Skip the pictures. Transcribe the rest of the data below without changing a word.

━━ Data

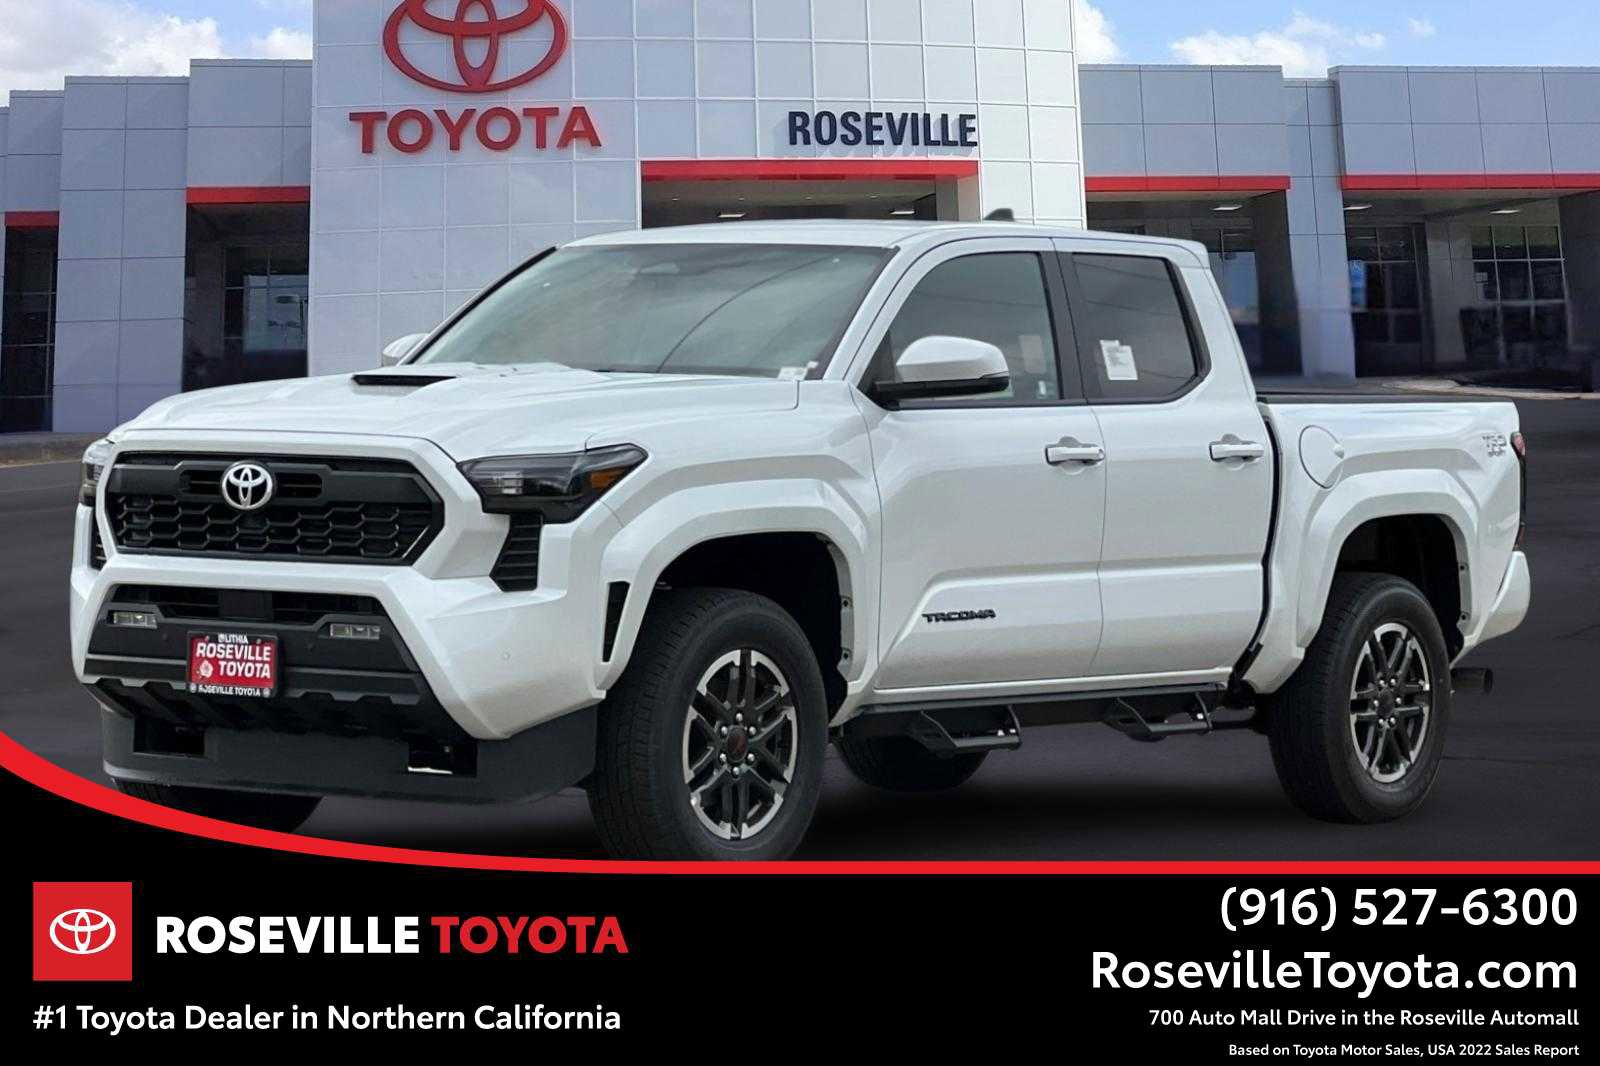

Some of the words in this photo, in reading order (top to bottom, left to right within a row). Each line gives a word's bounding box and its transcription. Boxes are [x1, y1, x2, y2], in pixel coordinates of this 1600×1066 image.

[349, 106, 602, 154] TOYOTA
[788, 111, 978, 147] ROSEVILLE
[921, 609, 996, 623] TACOMA
[196, 642, 272, 661] ROSEVILLE
[218, 660, 271, 679] TOYOTA
[235, 687, 260, 697] TOYOTA

━━━━

# Task solution
Some of the words in this photo, in reading order (top to bottom, left to right within a row). Each line gives a word's bounding box and its transcription. Boxes are [x1, y1, x2, y2], in pixel coordinates of this 1600×1066 image.

[349, 106, 602, 154] TOYOTA
[788, 111, 978, 147] ROSEVILLE
[921, 609, 996, 623] TACOMA
[196, 642, 272, 661] ROSEVILLE
[218, 660, 271, 679] TOYOTA
[235, 687, 260, 697] TOYOTA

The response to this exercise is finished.